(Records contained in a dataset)
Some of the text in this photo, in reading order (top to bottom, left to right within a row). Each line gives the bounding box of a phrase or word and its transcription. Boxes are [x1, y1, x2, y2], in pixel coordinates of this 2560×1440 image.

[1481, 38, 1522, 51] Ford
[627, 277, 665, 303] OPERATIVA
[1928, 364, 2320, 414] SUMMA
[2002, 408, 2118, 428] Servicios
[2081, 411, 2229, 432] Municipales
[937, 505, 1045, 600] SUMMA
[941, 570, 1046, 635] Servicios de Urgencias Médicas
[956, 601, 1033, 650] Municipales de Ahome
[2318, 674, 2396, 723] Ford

INSTRUCTIONS TO FOLLOW
The entries above need to be repeated in full, exactly as written.

RESPONSE
Some of the text in this photo, in reading order (top to bottom, left to right within a row). Each line gives the bounding box of a phrase or word and its transcription. Boxes are [x1, y1, x2, y2], in pixel coordinates of this 2560×1440 image.

[1481, 38, 1522, 51] Ford
[627, 277, 665, 303] OPERATIVA
[1928, 364, 2320, 414] SUMMA
[2002, 408, 2118, 428] Servicios
[2081, 411, 2229, 432] Municipales
[937, 505, 1045, 600] SUMMA
[941, 570, 1046, 635] Servicios de Urgencias Médicas
[956, 601, 1033, 650] Municipales de Ahome
[2318, 674, 2396, 723] Ford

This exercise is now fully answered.